The terminal 500-base-pair alpha sequence of the herpes simplex virus 1 genome contains signals for cleavage (Pac1 and Pac2) of unit-length DNA molecules from concatemers in unique stretches of sequences designated Ub and Uc, respectively, and a cis site for cleavage designated DR1. We report that nuclear extracts from infected cells contain factors which form two DNA-virus-specific protein complexes with components of the a sequence. Purification of the factors forming the V2 complex yielded a protein with an apparent molecular weight of 82,000 binding to DNA in a non-sequence-specific manner. Addition of Mg2+ to the purified protein-DNA probe mixture resulted in exonucleolytic degradation of the DNA. The protein was identified as the virus-specific DNase with monoclonal antibody specific for the viral enzyme. The purification of the proteins forming the V4 complex yielded two proteins with molecular weights of greater than 250,000 and 140,000 corresponding to infected cell protein 1 and to an as yet unidentified protein, respectively.

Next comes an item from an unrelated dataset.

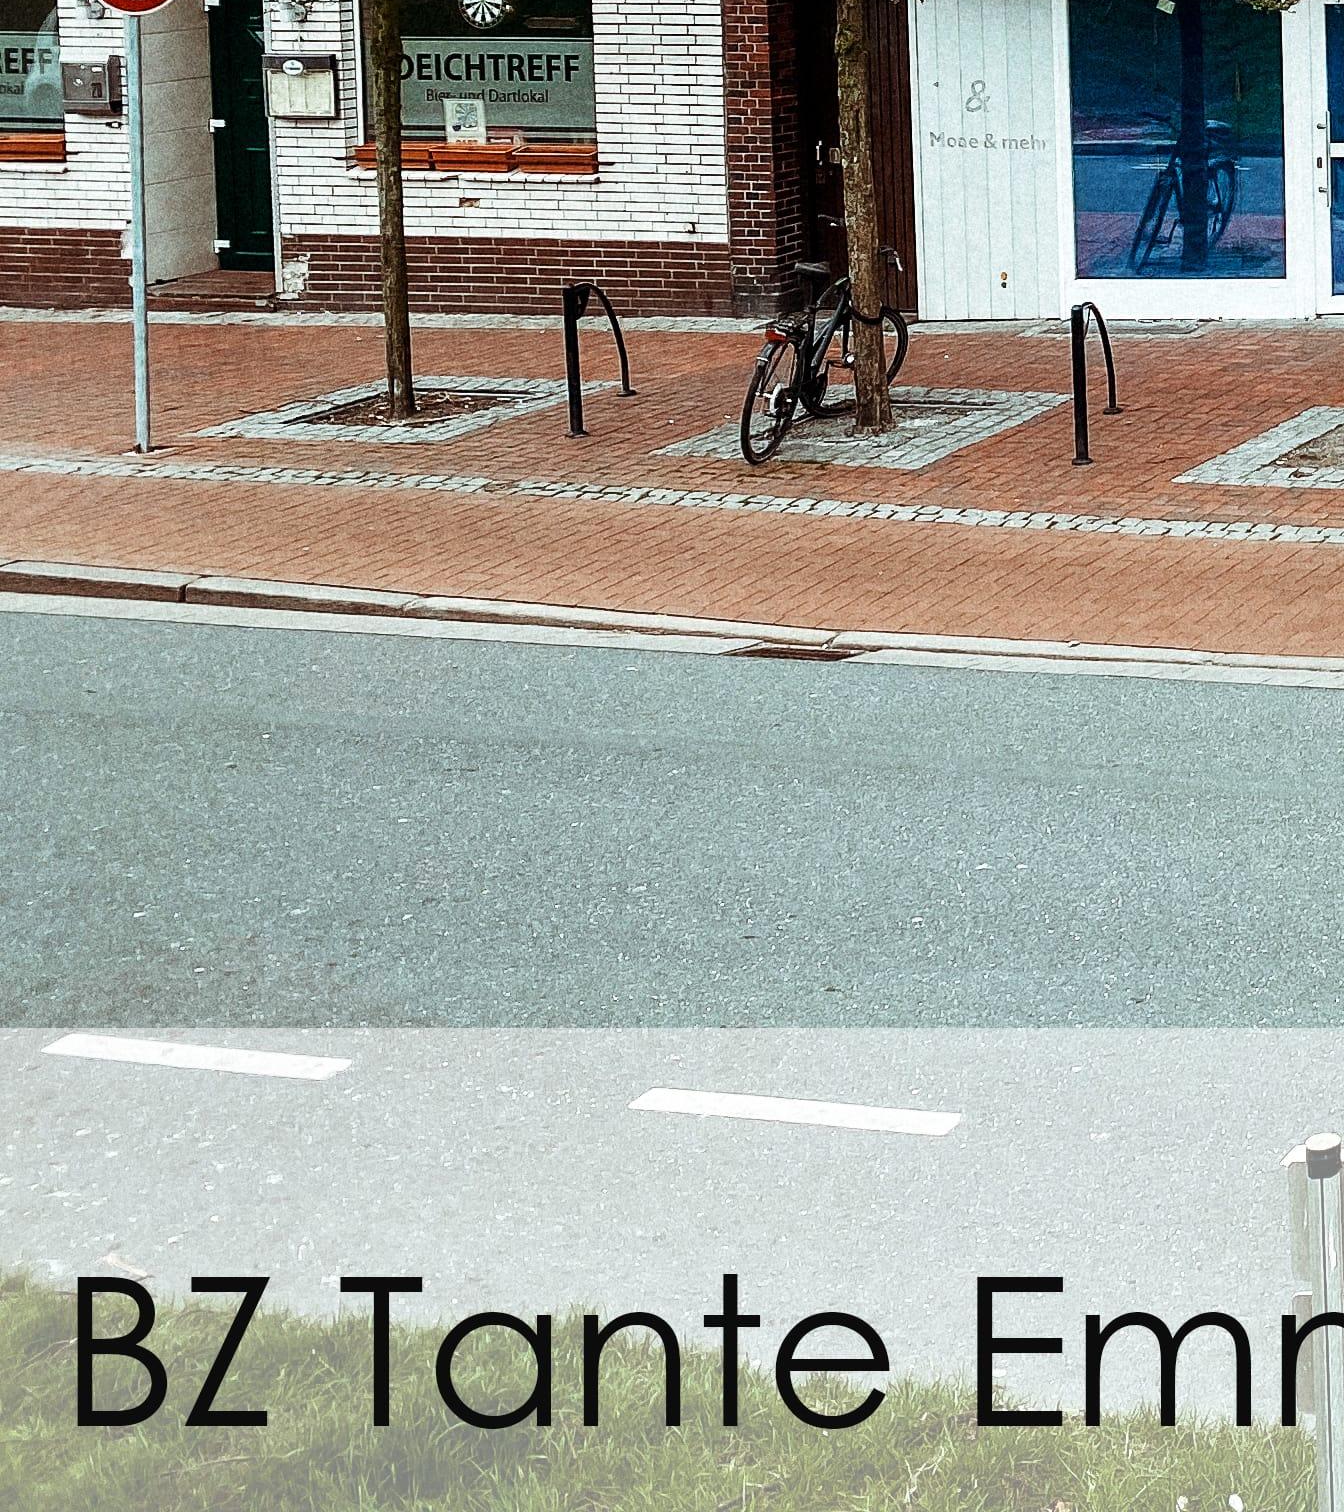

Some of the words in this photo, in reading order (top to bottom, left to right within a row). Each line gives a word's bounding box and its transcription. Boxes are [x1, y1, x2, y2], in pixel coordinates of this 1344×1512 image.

[400, 53, 580, 82] DEICHTREFF
[427, 88, 457, 102] Bier-
[488, 88, 549, 103] Dartlokal

These proteins formed two DNA sequence-common bands with a number of DNA probes and one sequence-specific band with probes containing both Pac2 and DR1 but not with probes containing either site alone or Pac1 and DR1. Since the DNA probe containing Pac2 and DR1 inserted into viral genome or into amplicons induced specific cleavage of the DR1 sequence whereas the nonreactive probes failed to induce the cleavage, the formation of this sequence-specific DNA-protein complex is significant and may reflect a DNA-protein interaction essential for cleavage. The possible role of the proteins identified in this study for the cleavage-packaging of viral DNA into capsids is presented.